I’m using HLAPI for networking of my game and have used NetworkTransform on my characters but no matter how I change the component’s values, the movement is not smooth. Like it’s not interpolating. I see snappy movement on the local client.

I’ve written my own character controller and doesn’t use physic but has a Rigidbody 2D attached to it. I’ve tried “Sync Transform” among other settings for “Transform Sync Mode” but they don’t different much.

Cheers.

You need to lerp things manually in code to get it to work smoothly, it doesn’t do it right out of the box.

How can I do it whilst using HLAPI and NetworkTransform? I think I have no control over transform component’s position and it gets updated automatically over the network.

Some code…

using UnityEngine;
using System.Collections;
using UnityEngine.Networking;
using System.Collections.Generic;

public class PlayerSyncPosition : NetworkBehaviour {

    [SyncVar (hook = "SyncPositionValues")] private Vector3 syncPos;
    [SerializeField] Transform myTransform;
    private float lerpRate = 15;
    private float normalLerpRate = 16;
    private float fasterLerpRate = 27;

    private Vector3 lastPos;
    private float threshold = 0.5f;

    //Latency stuff
    private List<Vector3> syncPosList = new List<Vector3> ();
    [SerializeField] private bool useHistoricalLerping = false;
    private float closeEnough = 0.11f;

    void Start(){
        lerpRate = normalLerpRate;
    }

    void Update(){
        LerpPosition ();
    }

    void FixedUpdate (){
        TransmitPosition ();
    }

    void LerpPosition(){
        if (!isLocalPlayer) {
            if(useHistoricalLerping){
                HistoricalLerping();
            }else{
                OrdinaryLerping();
            }
        }
    }

    //Lerp types
    void OrdinaryLerping(){
        myTransform.position = Vector3.Lerp (myTransform.position, syncPos, Time.deltaTime * lerpRate);
    }

    void HistoricalLerping(){
        if (syncPosList.Count > 0) {
            myTransform.position = Vector3.Lerp (myTransform.position, syncPosList[0], Time.deltaTime * lerpRate);
            if(Vector3.Distance (myTransform.position, syncPosList[0]) < closeEnough){
                syncPosList.RemoveAt(0);
            }

            if(syncPosList.Count > 10){
                lerpRate = fasterLerpRate;
            }else{
                lerpRate = normalLerpRate;
            }
        }
    }
   
    //Send info
    [Command]
    void CmdProvidePositionToServer(Vector3 pos){
        syncPos = pos;
    }

    [ClientCallback]
    void TransmitPosition(){
        if (isLocalPlayer && Vector3.Distance (myTransform.position, lastPos) > threshold) {
            CmdProvidePositionToServer (myTransform.position);
            lastPos = myTransform.position;
        }
    }

    [Client]
    void SyncPositionValues(Vector3 latestPos){
        syncPos = latestPos;
        syncPosList.Add (syncPos);
    }
}
1 Like

I guess you are not using NetworkTransform and sync position with SyncVars, am I right?

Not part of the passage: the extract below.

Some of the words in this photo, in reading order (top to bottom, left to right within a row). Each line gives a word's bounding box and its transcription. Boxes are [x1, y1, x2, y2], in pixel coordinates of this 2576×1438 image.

If that’s the case, I much prefer to use NetworkTransform as it has good amount of optimizations for syncing Transform component.

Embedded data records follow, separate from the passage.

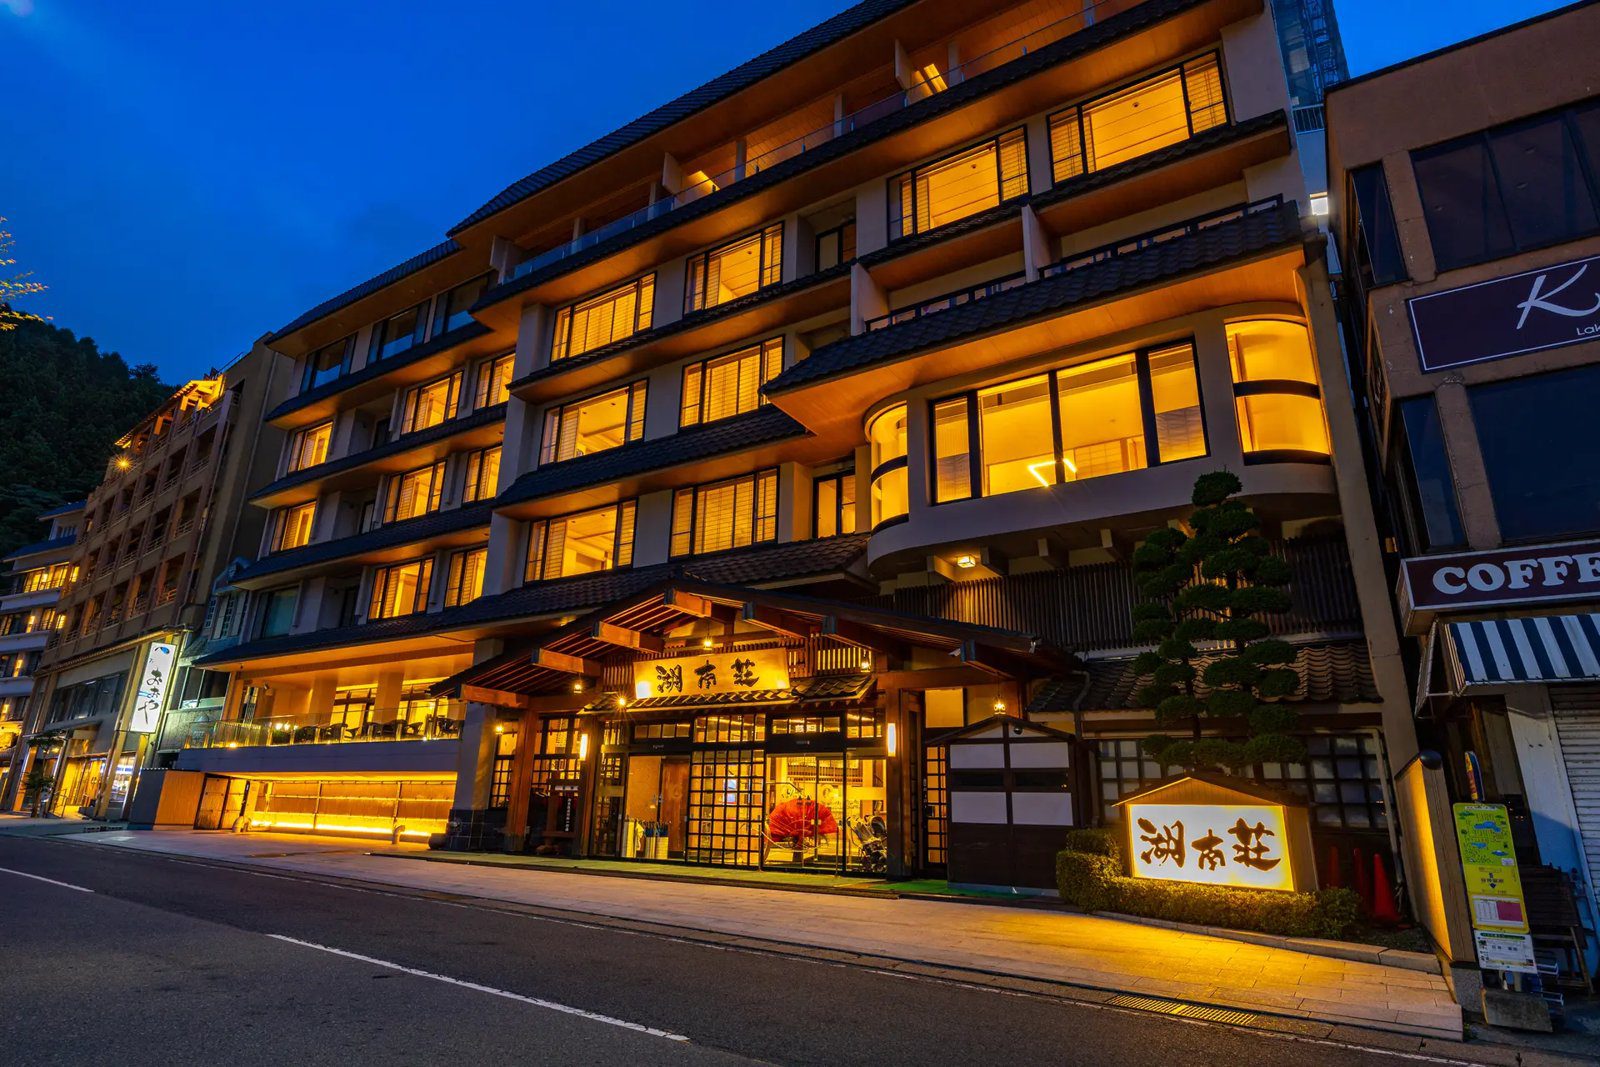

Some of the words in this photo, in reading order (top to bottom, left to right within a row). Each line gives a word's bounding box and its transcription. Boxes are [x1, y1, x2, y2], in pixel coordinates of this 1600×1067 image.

[655, 657, 760, 694] 湖南荘
[1137, 817, 1282, 872] 湖南荘
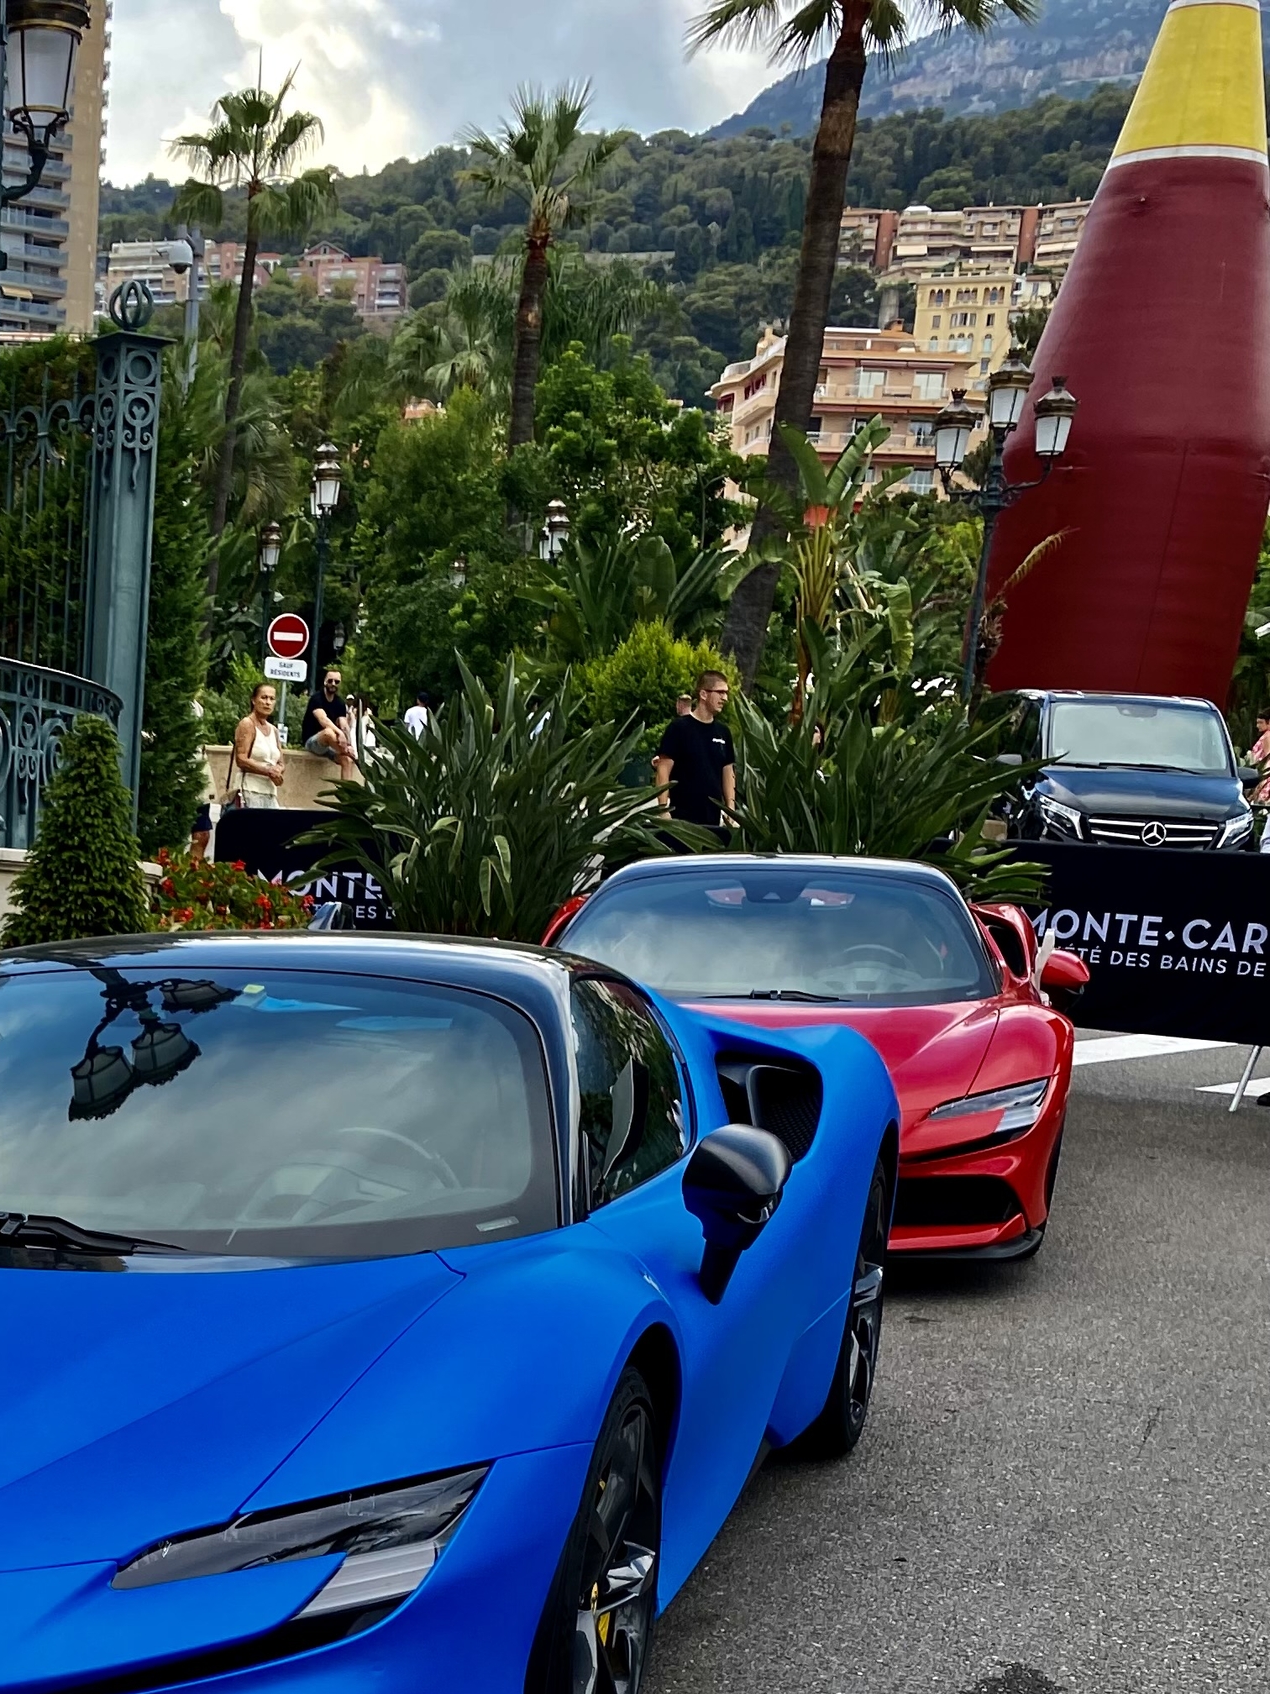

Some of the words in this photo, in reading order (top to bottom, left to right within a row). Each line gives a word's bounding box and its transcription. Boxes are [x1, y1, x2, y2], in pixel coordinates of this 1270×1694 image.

[1110, 950, 1151, 968] DES
[1160, 955, 1228, 974] BAINS
[1237, 961, 1267, 977] DE

No, no network transform. But this is better as it’s smooth movement across the board.

I’ve read that lerping won’t work on Sync Transform and probably that was why it was choppy/jerky. I’ve changed it to Sync Rigidbody 2D and it’s better now.

@carking1996 could you explain a little bit more about that code? What’s the difference between [ClientCallback] and [Client]? Does it work like this? Every FixedUpdate() on LocalPlayer (on client’s instance) we provide our current position to server by CmdProvide, the CmdProvide syncs that var across all the clients and when it’s changed then the hook fuction SyncPositionValues applies it on every other instance?

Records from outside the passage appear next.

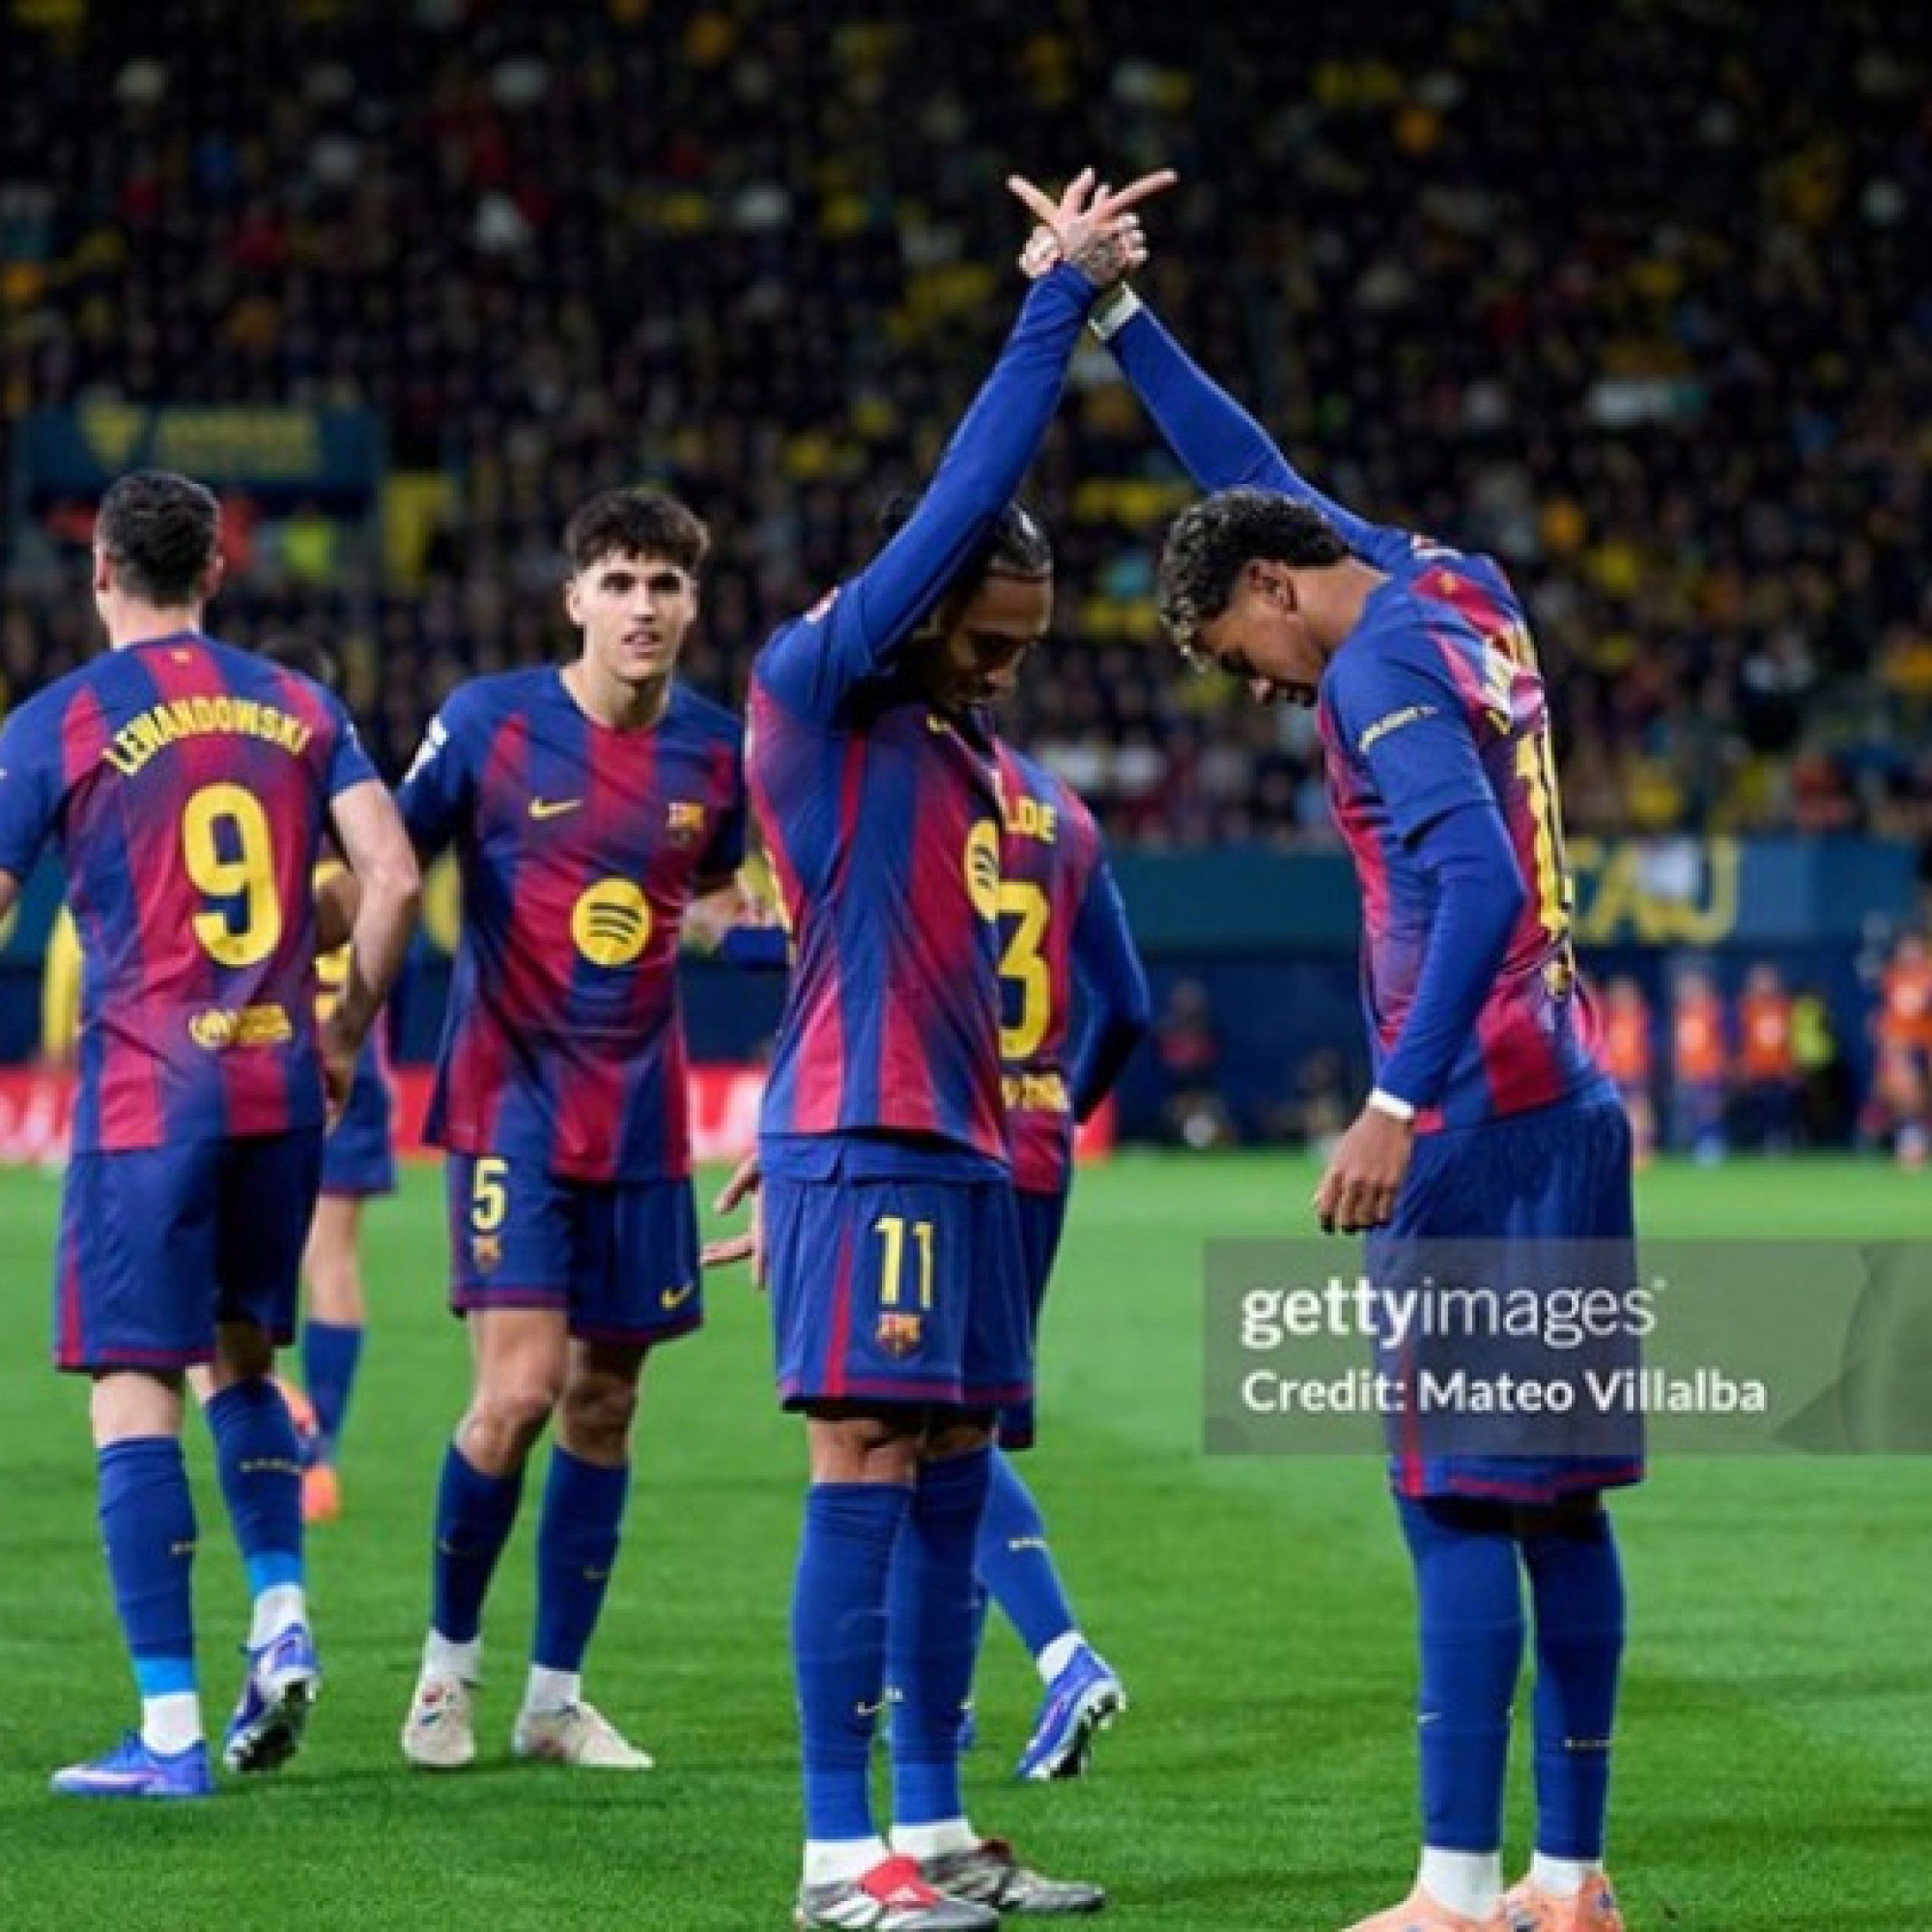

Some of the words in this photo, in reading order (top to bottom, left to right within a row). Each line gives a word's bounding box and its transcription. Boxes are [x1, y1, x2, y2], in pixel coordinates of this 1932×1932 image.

[999, 795, 1058, 845] LDE
[183, 781, 282, 967] 9
[997, 880, 1051, 1060] 3
[470, 1156, 509, 1231] 5
[873, 1214, 934, 1311] 11

If you still want to use Sync Transform you can have a network transform for just the remote position and have your main gameobject lerp towards it with whatever speed/teleport settings you want. The network transform would only have debug rendering info on it that you would hide outside the editor, and your actual gameobject would follow it around, speeding up when lagging if needed or teleporting if the distance became to great. You’d have to write all the code for the lerping at that point though.